--- YOUR INSTRUCTIONS ---
Return every record below exactly as written, omitting any pictures.

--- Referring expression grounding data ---
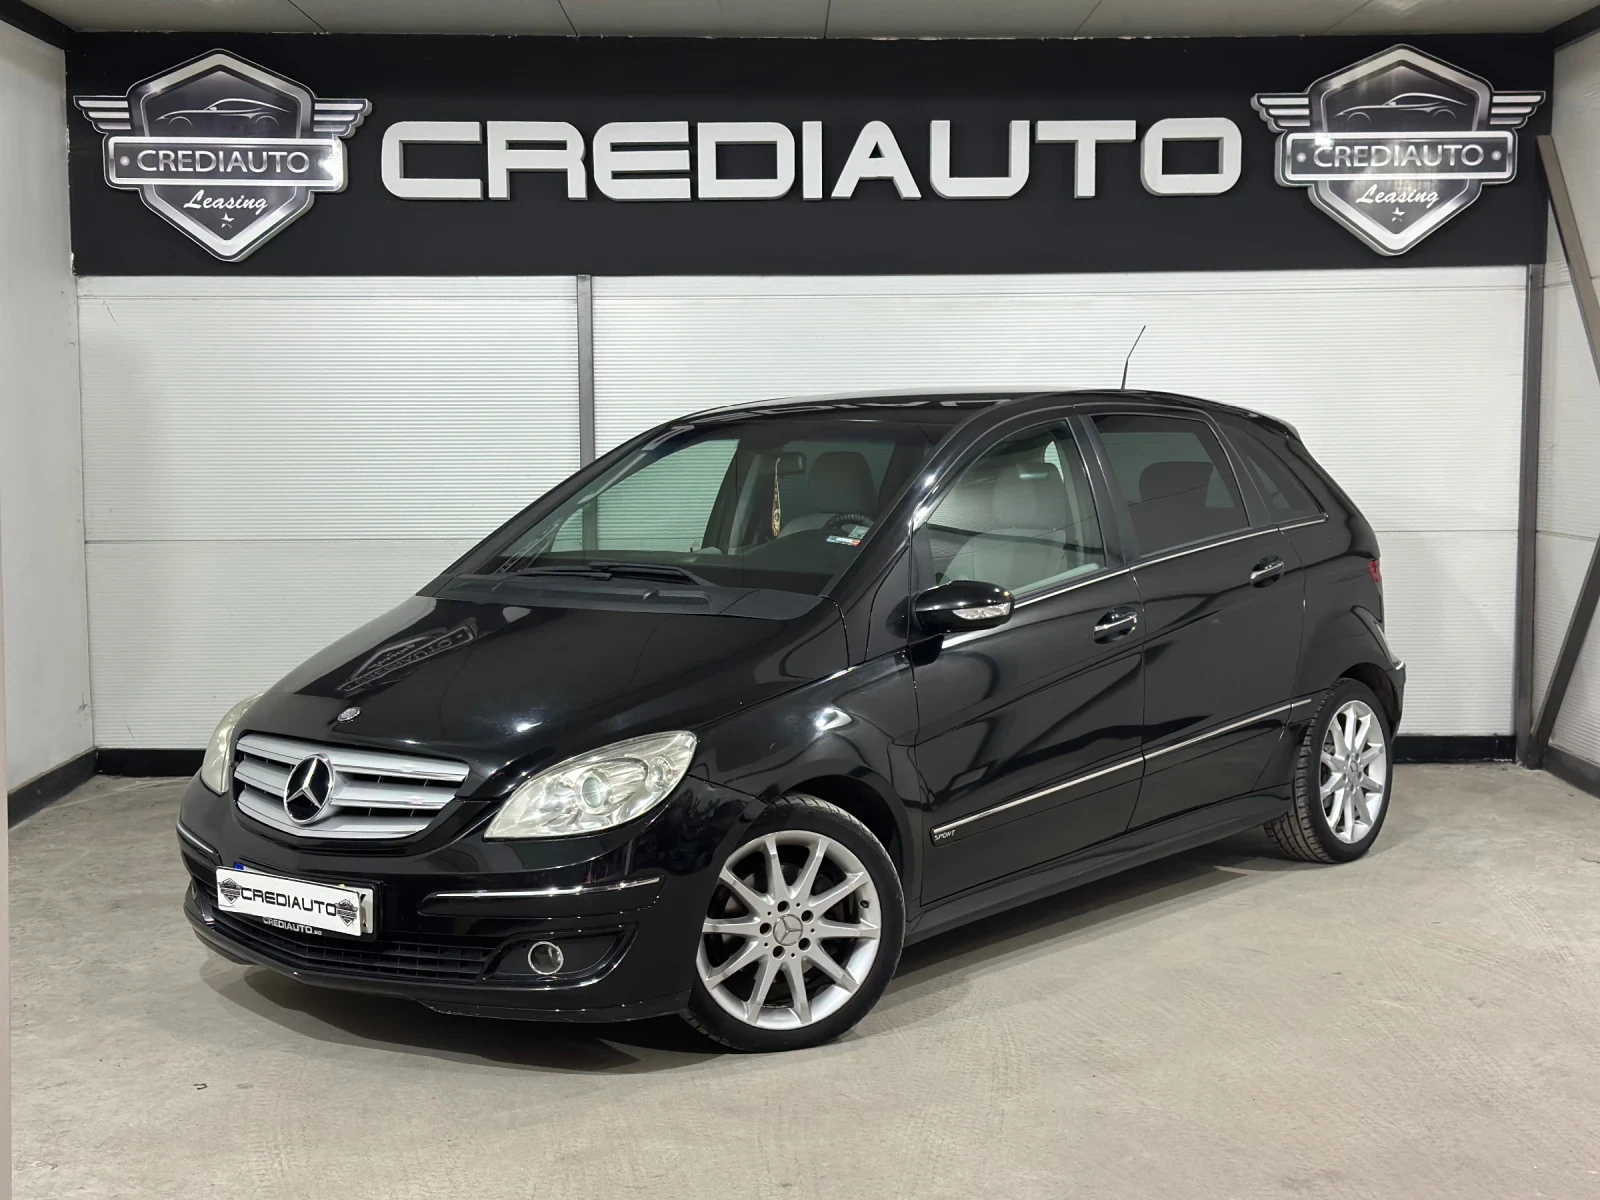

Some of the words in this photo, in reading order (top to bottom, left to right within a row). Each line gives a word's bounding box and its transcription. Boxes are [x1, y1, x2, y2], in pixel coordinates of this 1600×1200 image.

[136, 149, 310, 173] CREDIAUTO
[381, 117, 1241, 198] CREDIAUTO
[1313, 144, 1485, 168] CREDIAUTO
[183, 189, 268, 215] Leasing
[1356, 184, 1440, 208] Leasing
[934, 829, 956, 842] SPORT
[241, 887, 337, 916] CREDIAUTO
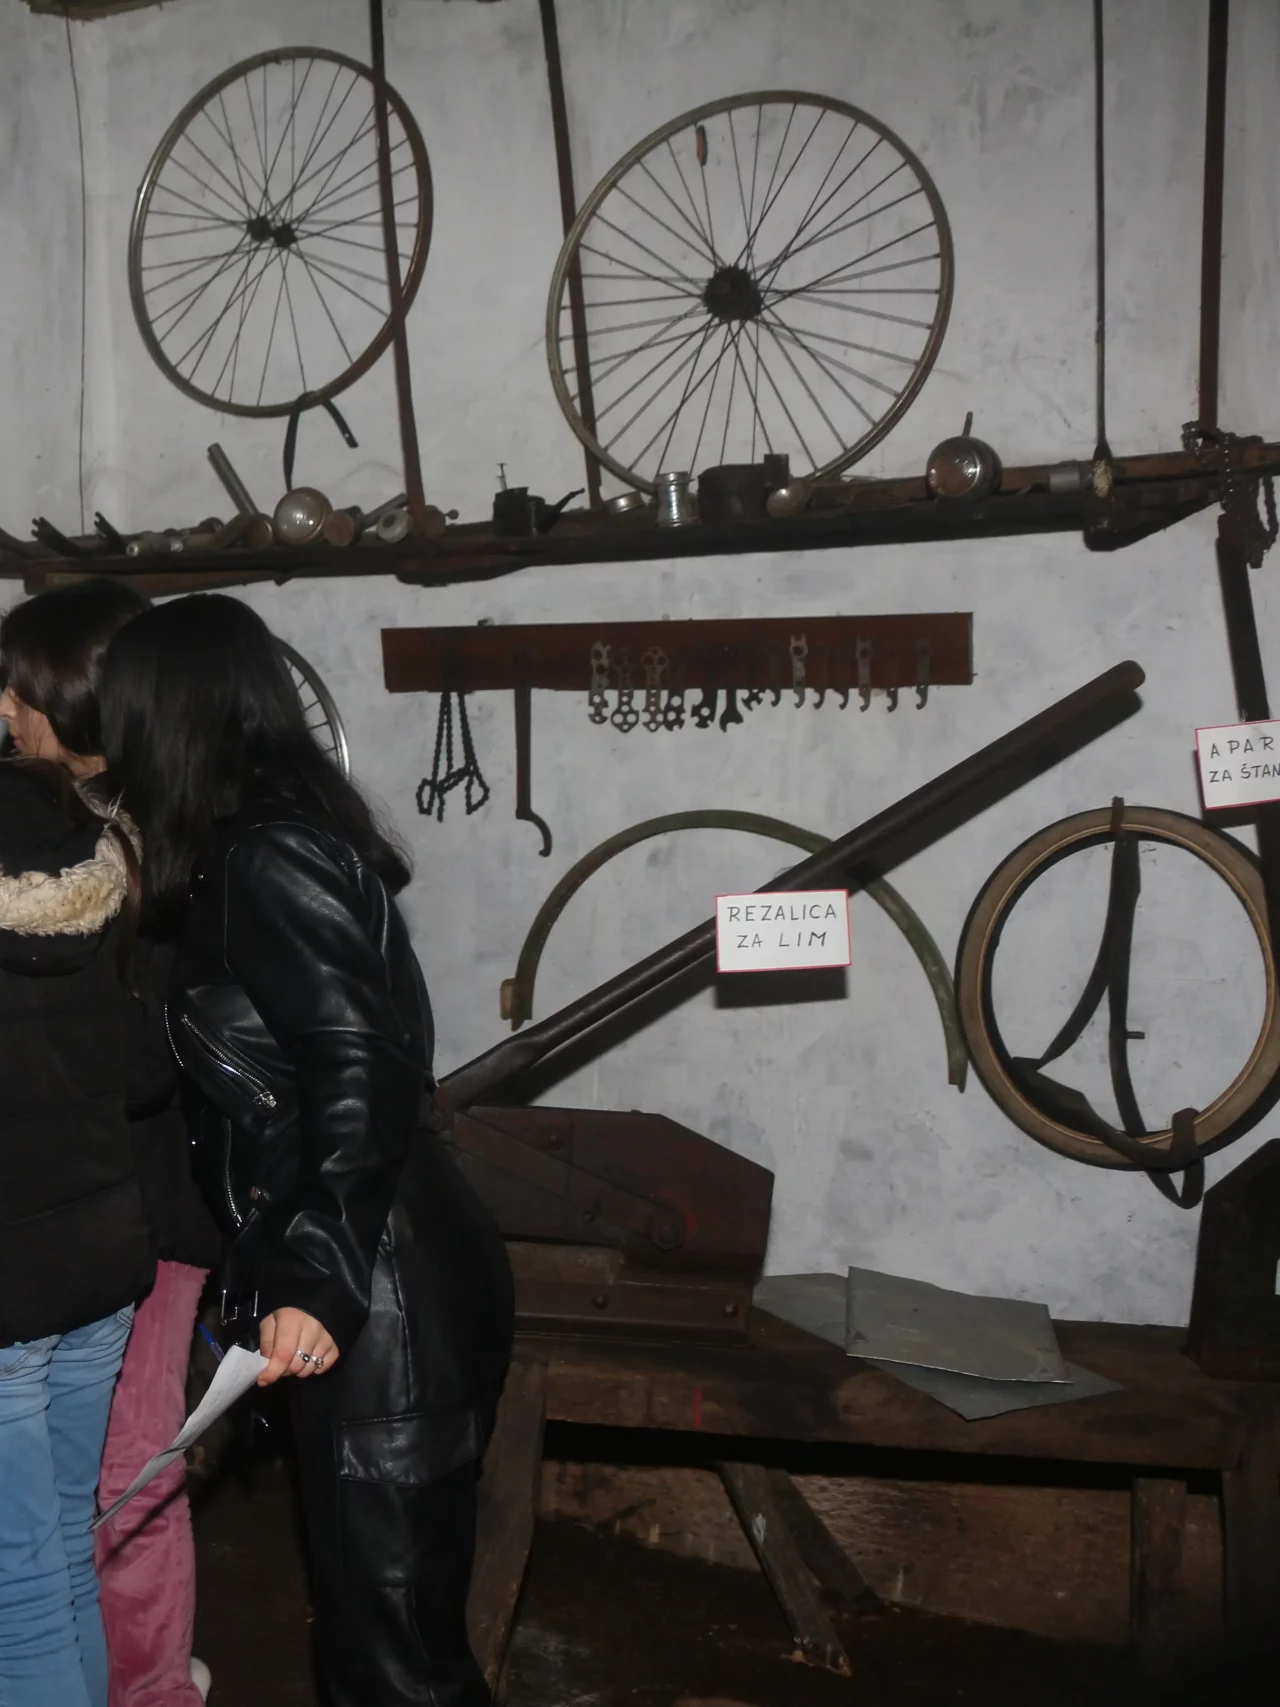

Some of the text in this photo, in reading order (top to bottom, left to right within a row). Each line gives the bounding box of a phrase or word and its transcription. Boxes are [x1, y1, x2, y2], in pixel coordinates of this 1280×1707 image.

[1210, 736, 1275, 759] APAR
[1209, 763, 1280, 783] ZA ŠTAN
[727, 903, 837, 922] REZALICA
[736, 931, 827, 948] ZA LIM

--- OUTPUT OF THE TASK ---
Some of the words in this photo, in reading order (top to bottom, left to right within a row). Each line gives a word's bounding box and its transcription. Boxes are [x1, y1, x2, y2], in pixel coordinates of this 1600×1200 image.

[136, 149, 310, 173] CREDIAUTO
[381, 117, 1241, 198] CREDIAUTO
[1313, 144, 1485, 168] CREDIAUTO
[183, 189, 268, 215] Leasing
[1356, 184, 1440, 208] Leasing
[934, 829, 956, 842] SPORT
[241, 887, 337, 916] CREDIAUTO

Some of the text in this photo, in reading order (top to bottom, left to right within a row). Each line gives the bounding box of a phrase or word and its transcription. Boxes are [x1, y1, x2, y2], in pixel coordinates of this 1280×1707 image.

[1210, 736, 1275, 759] APAR
[1209, 763, 1280, 783] ZA ŠTAN
[727, 903, 837, 922] REZALICA
[736, 931, 827, 948] ZA LIM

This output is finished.